Fri. Jul 8, 2016 1:50 PM - 2:40 PM ポスター会場 (天空 ノース)

座長:
鈴木 博(新潟大学医歯学総合病院魚沼地域医療教育センター・魚沼基幹病院 小児科)

P10-01~P10-05

1:50 PM - 2:40 PM

[P10-01] 主肺動脈拡張による左肺動脈狭窄により急性右心不全を発症した心房中隔欠損症(ASD)の1例

飯田 千晶1, 田代 克弥1, 倉岡 彩子2 (1.佐賀大学医学部 小児科, 2.福岡市立こども病院)

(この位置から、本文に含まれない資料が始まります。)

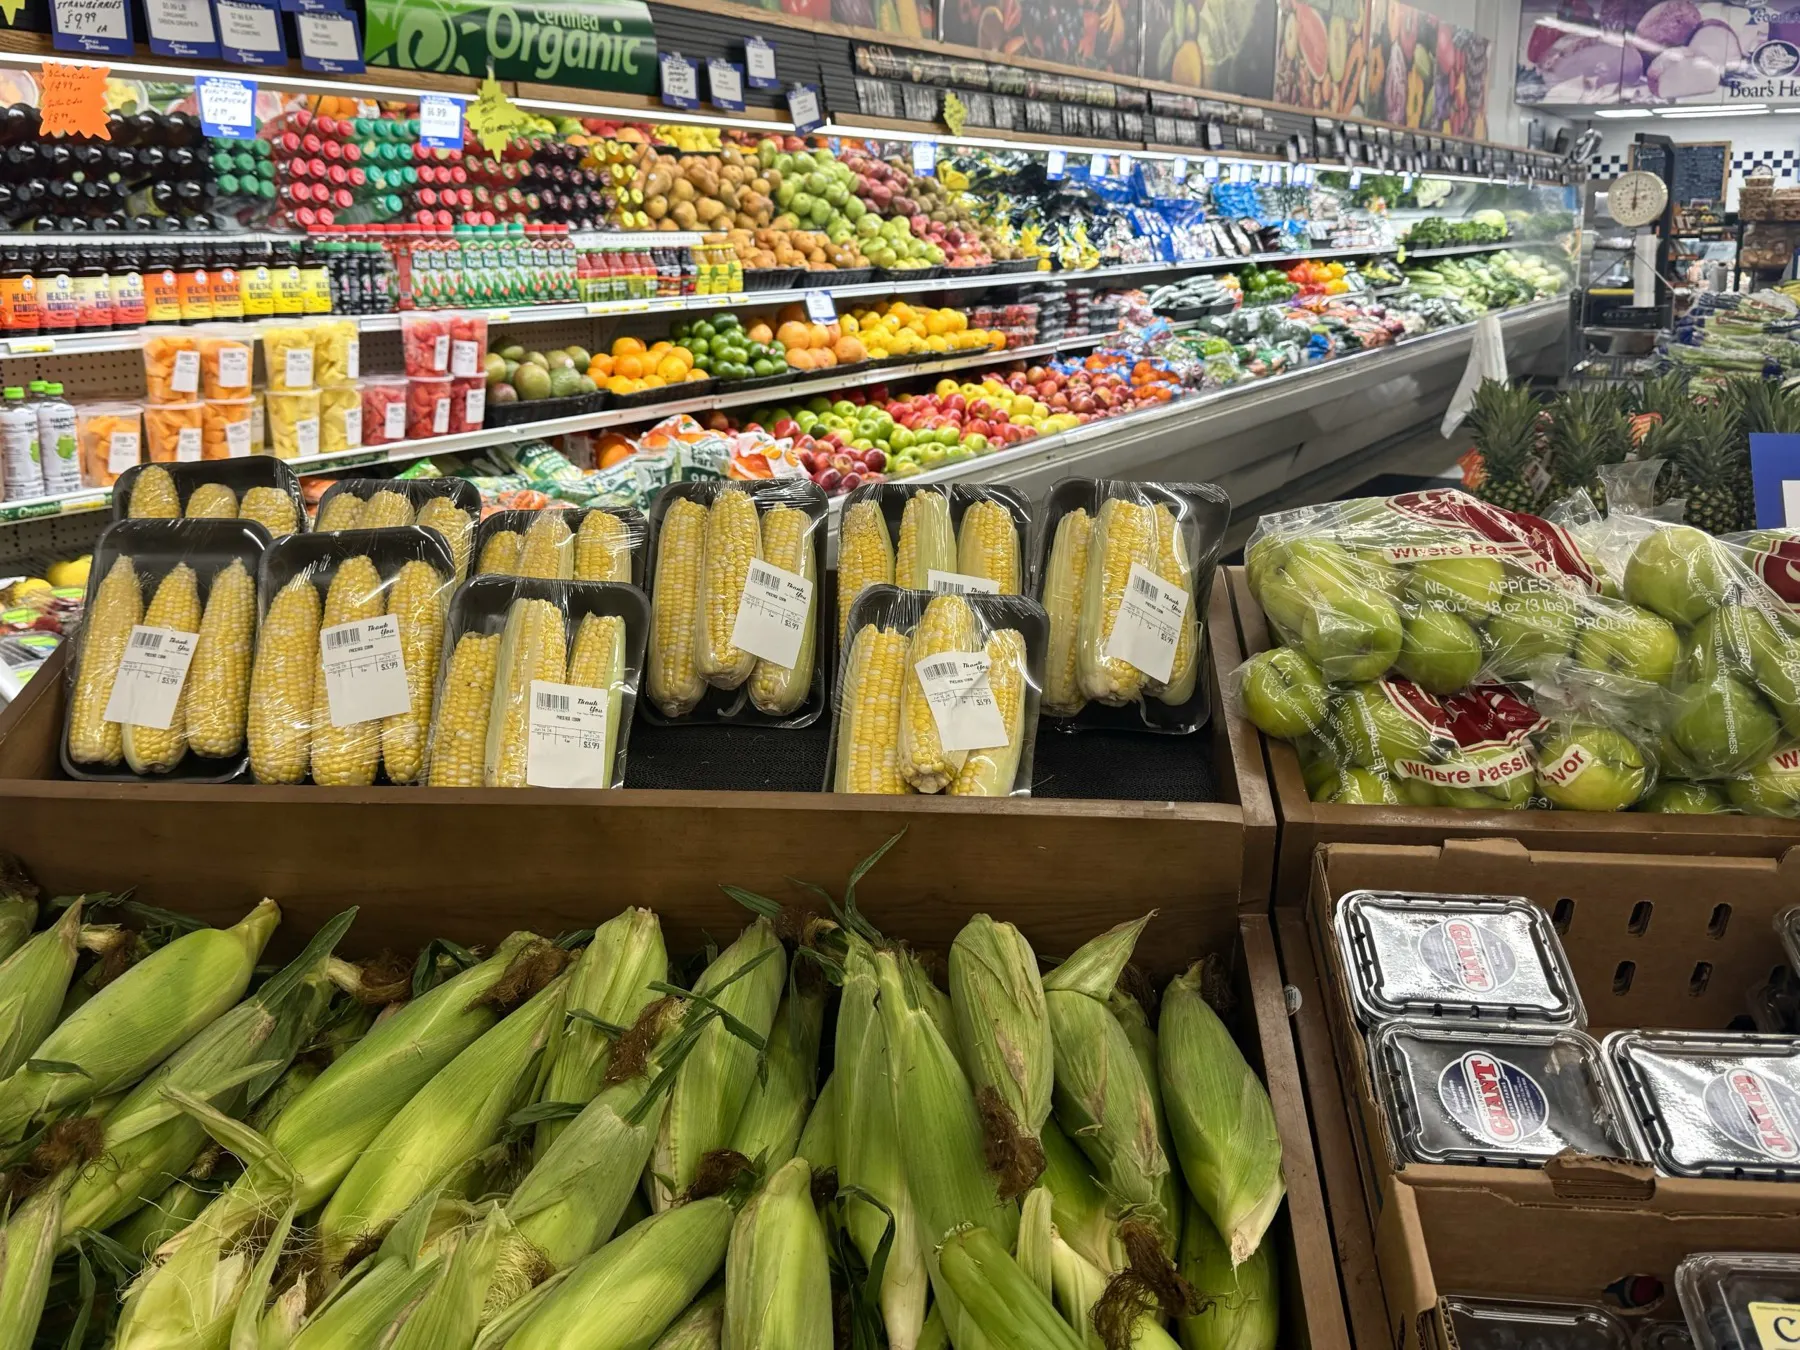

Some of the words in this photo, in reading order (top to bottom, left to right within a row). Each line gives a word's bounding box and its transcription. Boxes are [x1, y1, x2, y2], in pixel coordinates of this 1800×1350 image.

[534, 7, 600, 31] Certified
[486, 4, 641, 79] Organic
[1730, 80, 1774, 98] Boar's
[1392, 544, 1463, 559] Where
[787, 582, 804, 593] Thank
[1487, 579, 1551, 596] APPLES
[796, 592, 807, 600] You
[1163, 592, 1180, 606] Thank
[1171, 604, 1182, 614] You
[1504, 602, 1523, 613] oz
[368, 622, 389, 632] Thank
[380, 628, 394, 636] You
[169, 637, 188, 645] Thank
[177, 644, 190, 652] You
[963, 660, 983, 669] Thank
[577, 698, 598, 706] Thank
[589, 706, 603, 714] You
[1724, 709, 1738, 755] FRESHNESS
[1400, 760, 1472, 784] Where
[1448, 923, 1490, 987] GIANT
[1471, 1060, 1516, 1137] GIANT
[1732, 1074, 1793, 1153] GIANT

Keywords:心房中隔欠損症、急性右心不全、肺動脈狭窄

【症例】4か月男児。胎児期より大動脈縮窄(CoA)が疑われ管理目的に当院紹介となり、在胎38週3日、2054gで仮死なく出生した。出生後、Large ASD及びmild CoAと診断した。CoAに対しては無治療で観察可能であったが、CoAでは説明できない多呼吸や頻脈、うっ血所見を認めた。ASDの影響を疑い利尿剤を開始し退院、その後は二次病院で管理されていた。4か月時に感冒を契機に、陥没呼吸、頻呼吸が出現し前医に入院した。胸部レントゲン上、右肺優位に透過性低下を認め気管支炎と診断された。入院後、咳嗽・啼泣を契機にSpO2低下、pCO2の貯留を呈し、当院へ転院となった。心エコー上、右室の拡大、推定右室圧50mmHg程度と右室圧上昇を認め急性右心不全が疑われた。鎮静下に人工呼吸管理とし、抗心不全加療を開始したが右室圧は高値が持続し、肺血管拡張薬の内服を開始した。その後緩やかに心不全は改善したが、肺野透過性の左右差は持続し右室圧は高値であった。全身状態が安定した後に心臓カテーテル検査を施行。主肺動脈圧27/9、右肺動脈圧23/5、左肺動脈圧13/5mmHgと明らかな左右差を認めたが、肺血管の描出には有意な左右差は見られなかった。一方、Qp/Qsは2.8と著明な高値を呈していた。胸部CTではMPAは著しく拡張していたが、肺野透過性の左右差を説明できる所見は得られなかった。入院45日目に退院とし、ASD閉鎖目的に外科施設に紹介した。生後6か月時点でASD閉鎖術を施行。術中所見で、拡張したMPAがLPAを圧迫し、著明な狭窄を呈していたことが判明した。LPA形成まで施行され、術後経過は良好。【考察】ASDは比較的shunt量が多くても、症状を呈するのは成人以降であることが多く、小児早期に治療を要することは稀である。本例では新生児早期より治療介入を要し、その病態把握に苦慮した。本例のように非典型的な経過をたどる場合には早期に外科加療を要する可能性もあり、注意深い観察と積極的な精査が必要考えられる。